Chr. Hansen Holding A/S, the Danish enzyme maker relisted by owner PAI Partners, said it will seek takeovers, overcoming an already consolidated industry by targeting food-ingredient makers that are part of larger companies or owned by families.
Takeovers may be used to enhance Chr. Hansen’s expansion of businesses supplying products destined for wine, cheese and yoghurts, Chief Executive Officer Lars Frederiksen, 52, said today in a phone interview.
“We are ready to play ball,” said Frederiksen, who took the top job in 2005 after 25 years at the company.
DuPont’s agreement to buy Danisco A/S for $5.8 billion this month accentuated a paucity of takeover targets in enzymes, also used to make biofuels. Analysts estimate DuPont may sell some food-ingredient assets. Hoersholm, Denmark-based Chr. Hansen would have been interested in Danisco’s dairy-enzyme operations were it not for antitrust concerns, Frederiksen said.
The DuPont deal, which followed Royal DSM NV’s December purchase of a U.S. baby-food product maker for $1.09 billion, is spurring investor speculation that the enzyme and food- ingredient market will see further mergers and acquisitions.
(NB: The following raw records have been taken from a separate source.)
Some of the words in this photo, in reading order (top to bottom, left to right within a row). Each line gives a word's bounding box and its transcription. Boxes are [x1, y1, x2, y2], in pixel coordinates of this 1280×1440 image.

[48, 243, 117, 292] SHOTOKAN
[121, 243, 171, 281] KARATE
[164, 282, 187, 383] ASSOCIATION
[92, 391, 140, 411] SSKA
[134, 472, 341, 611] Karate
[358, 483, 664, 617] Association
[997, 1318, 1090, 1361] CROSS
The company’s “strong” cash flow will allow it to finance purchases, Frederiksen said. The price of targets will likely vary according to their financial health, though generally companies have “shaped up” in the economic crisis, he said.
“The value of leading ingredients franchises is being increasingly recognized,” Erik Sjogren, analyst at Morgan Stanley & Co., said in an investor note today. “Chr. Hansen’s portfolio positions it to leverage some of the most interesting areas in the food space: the fast-growing dairy category as well as natural ingredients like colors and probiotics.”
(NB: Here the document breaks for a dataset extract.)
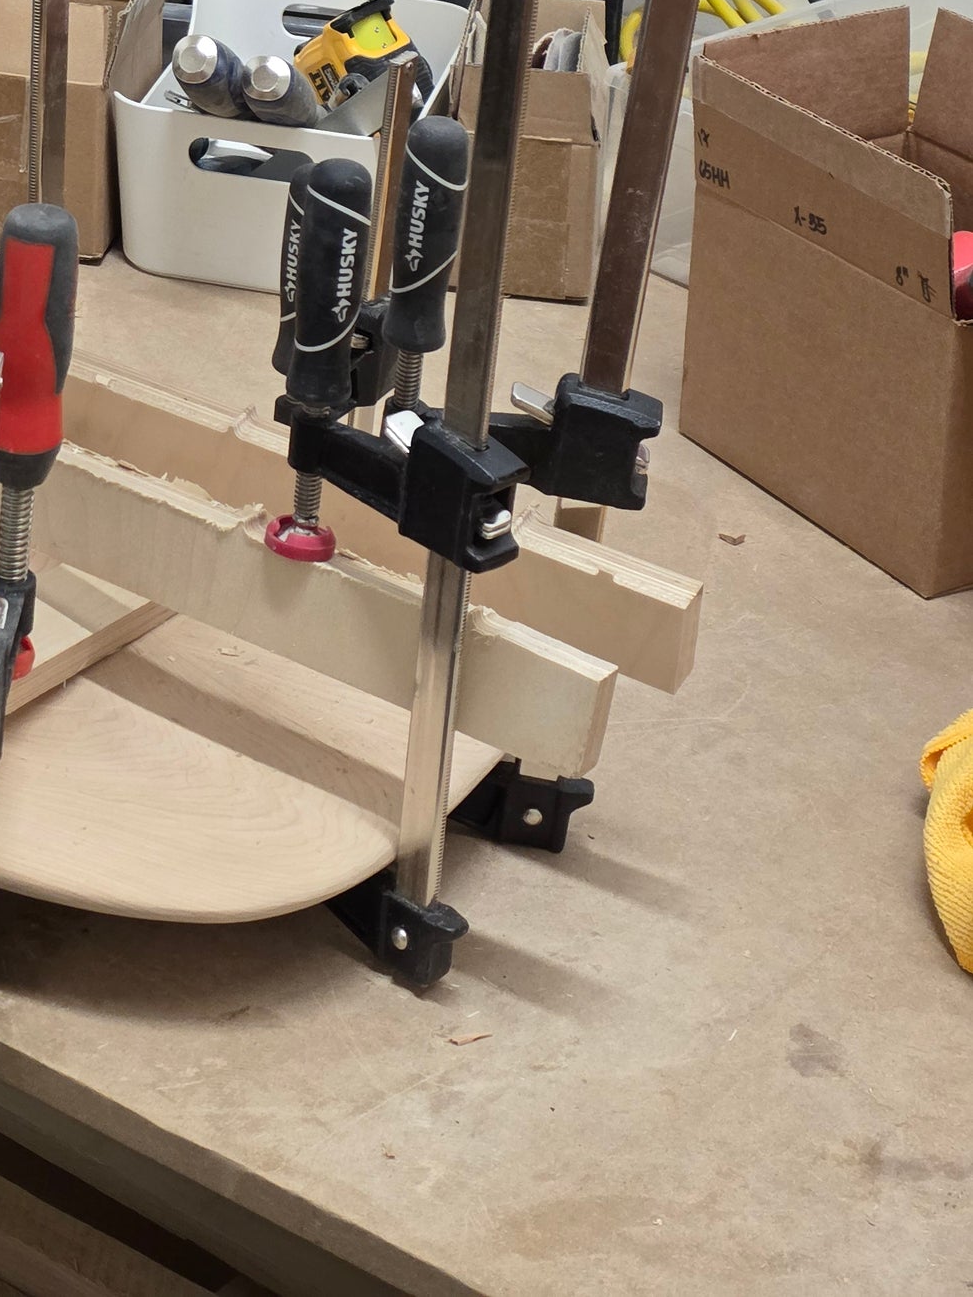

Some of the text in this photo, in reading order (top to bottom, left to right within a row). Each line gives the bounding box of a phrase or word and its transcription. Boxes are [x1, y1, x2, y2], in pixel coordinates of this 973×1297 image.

[407, 179, 430, 249] HUSKY
[286, 219, 302, 281] HUSKY
[336, 228, 358, 298] HUSKY
Chr. Hansen has climbed 26 percent since reintroducing stock to Copenhagen’s exchange in June. PAI, which acquired it five years ago, sold 61.3 million new and existing shares at 90 kroner each, equal to 5.52 billion kroner ($978 million). It sold another 25 million shares at 118 kroner today, leaving it with 37.4 percent of the company.
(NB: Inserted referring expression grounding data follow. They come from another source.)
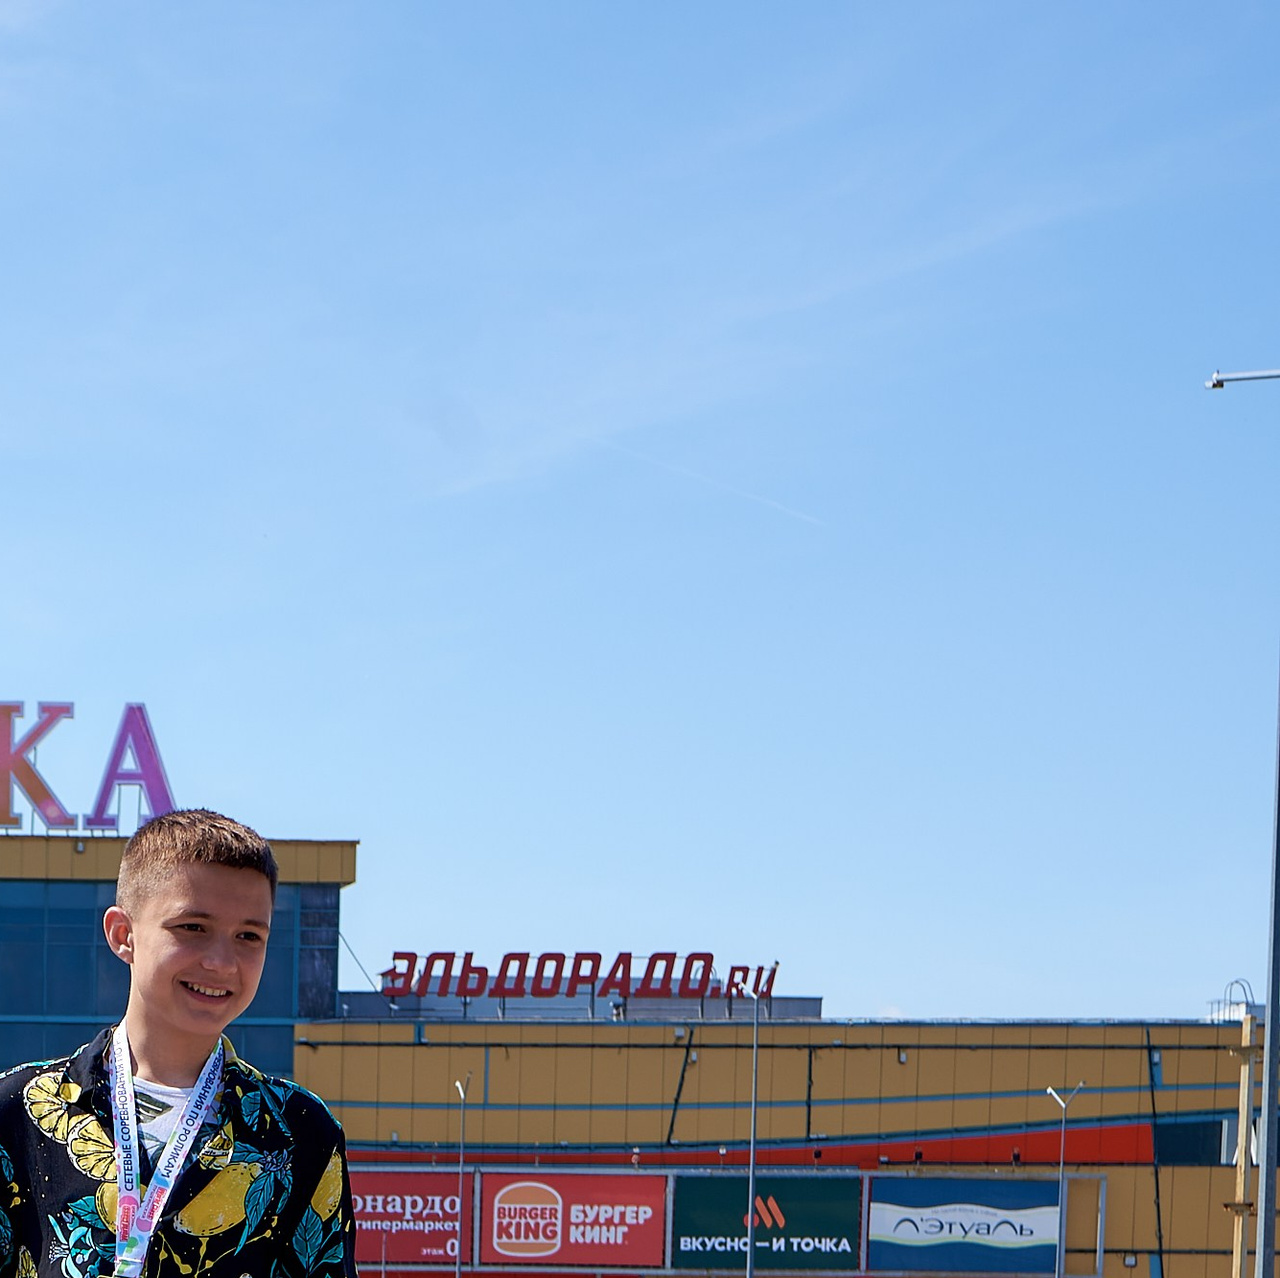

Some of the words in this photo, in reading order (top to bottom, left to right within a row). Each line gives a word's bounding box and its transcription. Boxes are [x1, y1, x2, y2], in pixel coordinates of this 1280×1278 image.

[186, 1111, 199, 1128] ПО
[161, 1128, 192, 1179] РОЛИКАМ
[121, 1144, 134, 1192] СЕТЕВЫЕ
[497, 1205, 558, 1221] BURGER
[570, 1204, 653, 1225] БУРГЕР
[496, 1221, 558, 1241] KING
[570, 1225, 629, 1244] КИНГ
[790, 1237, 851, 1252] ТОЧКА
The buyout firm, which paid 8.2 billion kroner for Chr. Hansen, will probably reduce its holding further, Cheuvreux analyst Richard Koch said in a note. Frederiksen declined to discuss PAI’s plans.
Chr. Hansen’s first-quarter profit beat estimates and the company raised its sales forecast, led by 56 percent growth at its natural colors unit. Consumers are increasingly rejecting chemical-based additives in their soda and ice cream, Frederiksen said.
“We see very strong demand because customers are demanding natural colors,” he said. “I don’t believe that percent is sustainable, probably more in the 20ish range. But it’s difficult to say clearly right now. This is a step-change in the market, a change in the market dynamics.”